== DATA RECORDS ==
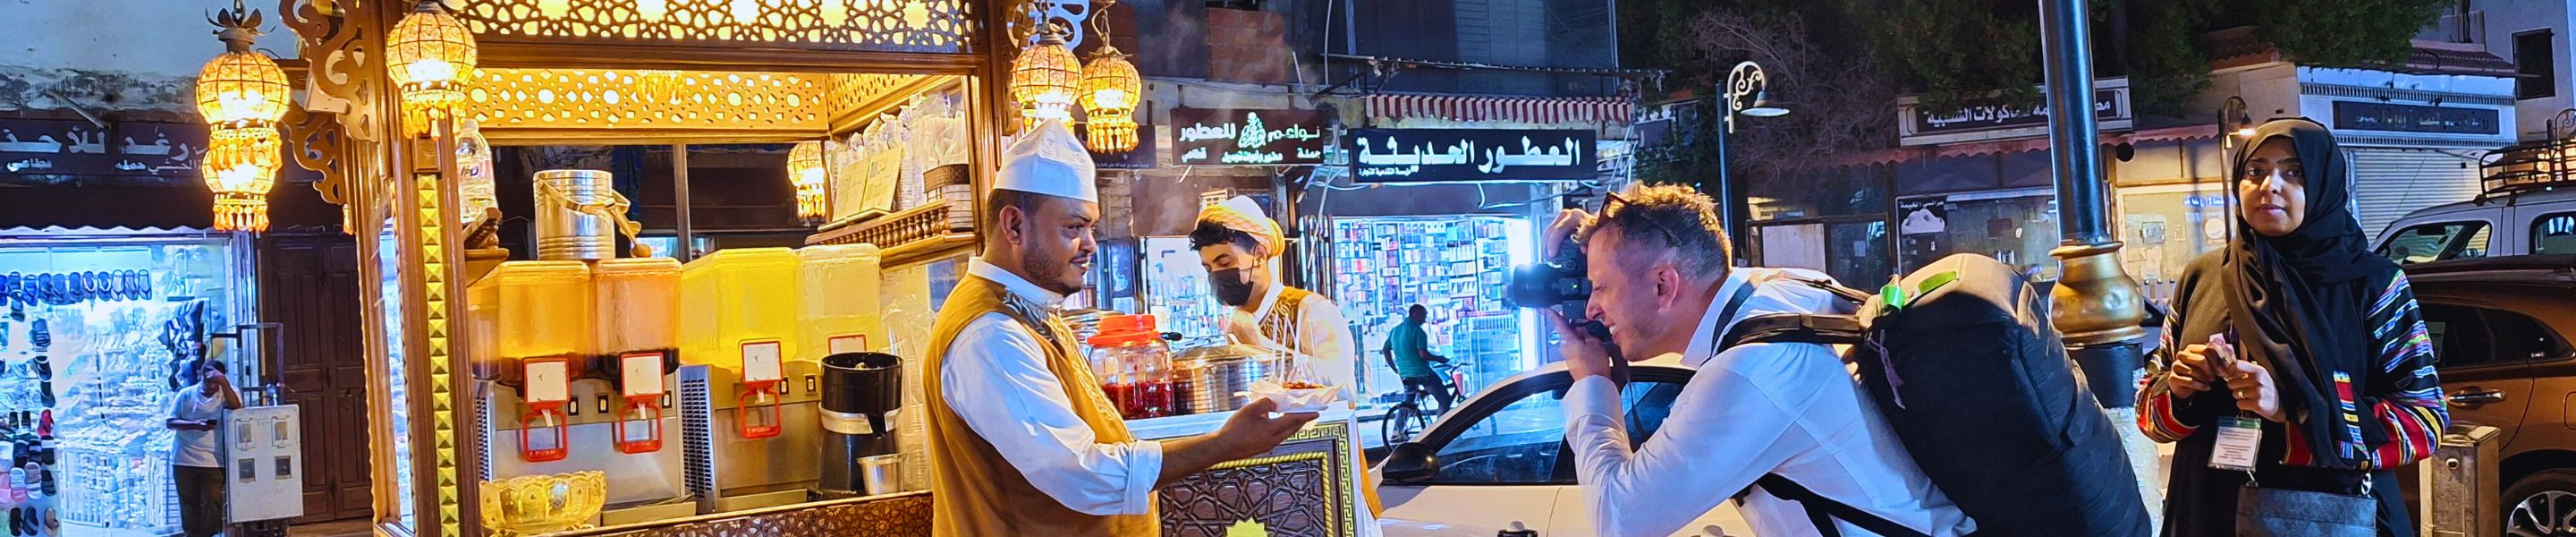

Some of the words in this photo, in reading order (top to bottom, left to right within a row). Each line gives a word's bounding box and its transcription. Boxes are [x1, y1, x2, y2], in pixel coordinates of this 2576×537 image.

[1179, 122, 1237, 142] للعطور
[1267, 123, 1321, 142] نواعم
[1356, 135, 1475, 166] الحديثة
[1477, 135, 1581, 174] العطور
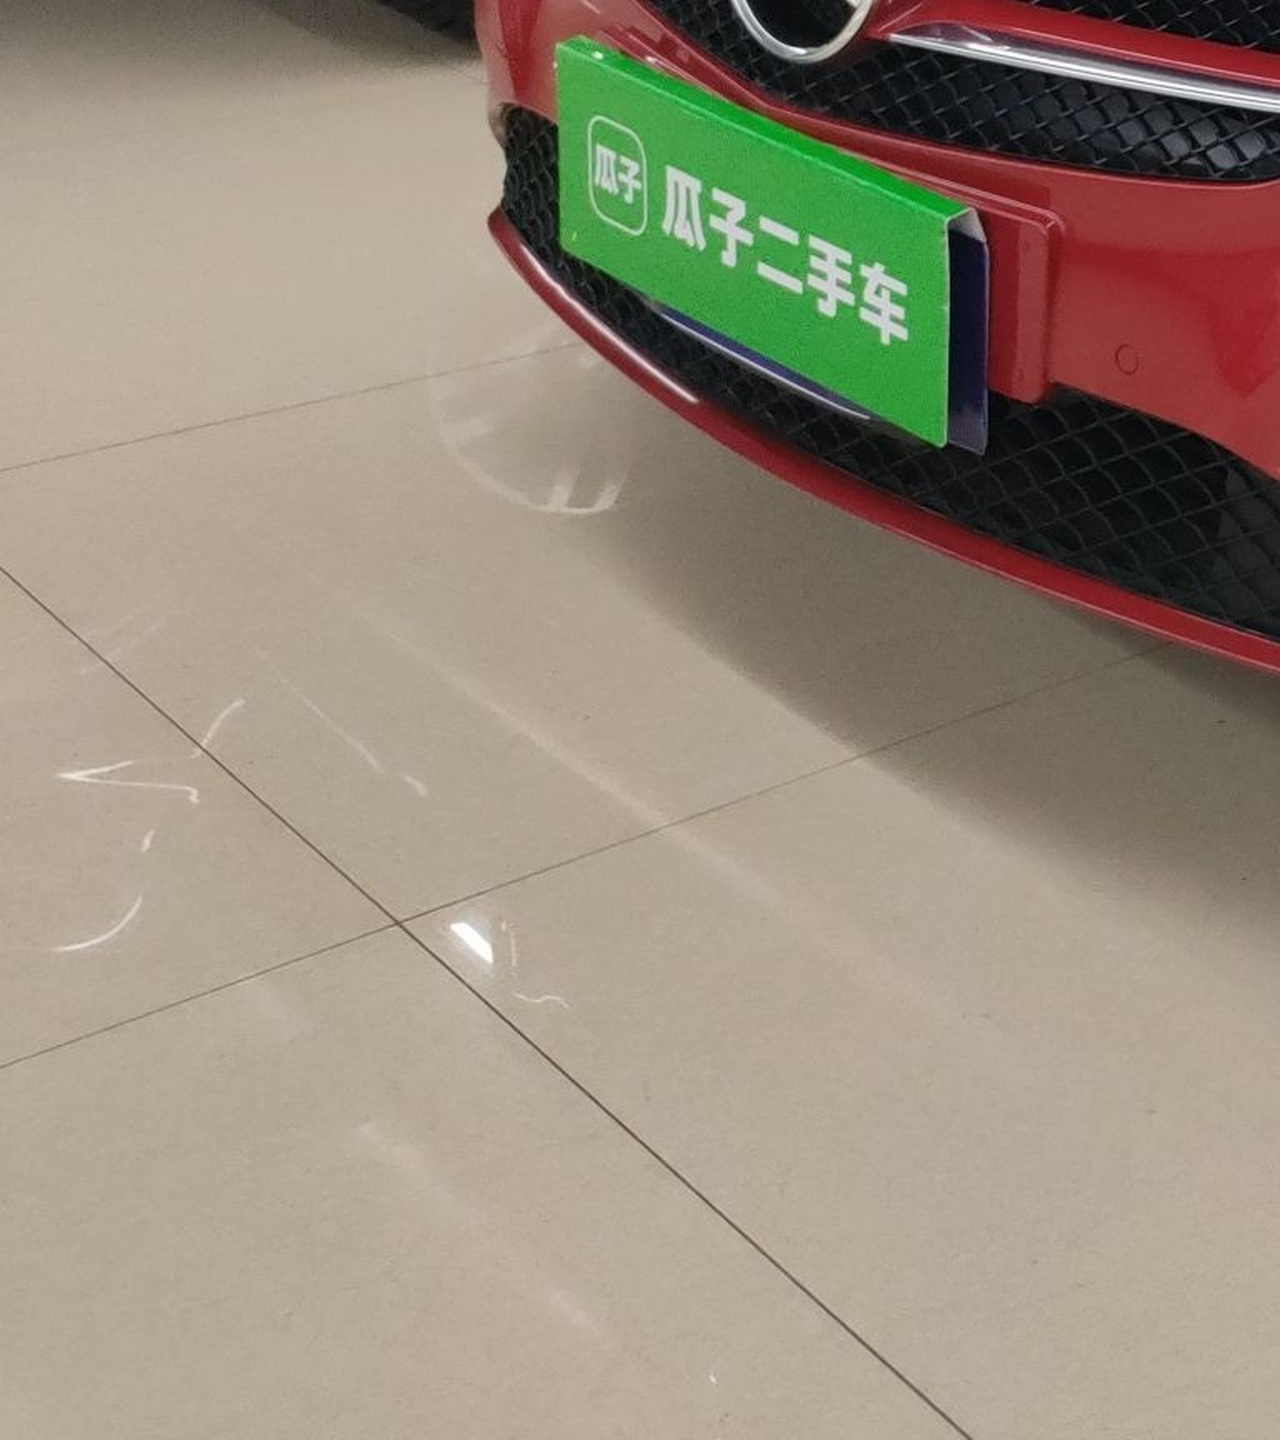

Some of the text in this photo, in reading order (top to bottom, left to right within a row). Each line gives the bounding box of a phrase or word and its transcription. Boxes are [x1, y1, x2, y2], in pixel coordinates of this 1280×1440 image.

== INSTRUCTIONS TO FOLLOW ==
Only the text of the entries above, transcribed exactly, should be given; leave out pictures.

== REPLY ==
Some of the words in this photo, in reading order (top to bottom, left to right within a row). Each line gives a word's bounding box and its transcription. Boxes are [x1, y1, x2, y2], in pixel coordinates of this 2576×537 image.

[1179, 122, 1237, 142] للعطور
[1267, 123, 1321, 142] نواعم
[1356, 135, 1475, 166] الحديثة
[1477, 135, 1581, 174] العطور

Some of the text in this photo, in reading order (top to bottom, left to right within a row). Each line gives the bounding box of a phrase or word and its transcription. Boxes are [x1, y1, x2, y2], in pixel coordinates of this 1280×1440 image.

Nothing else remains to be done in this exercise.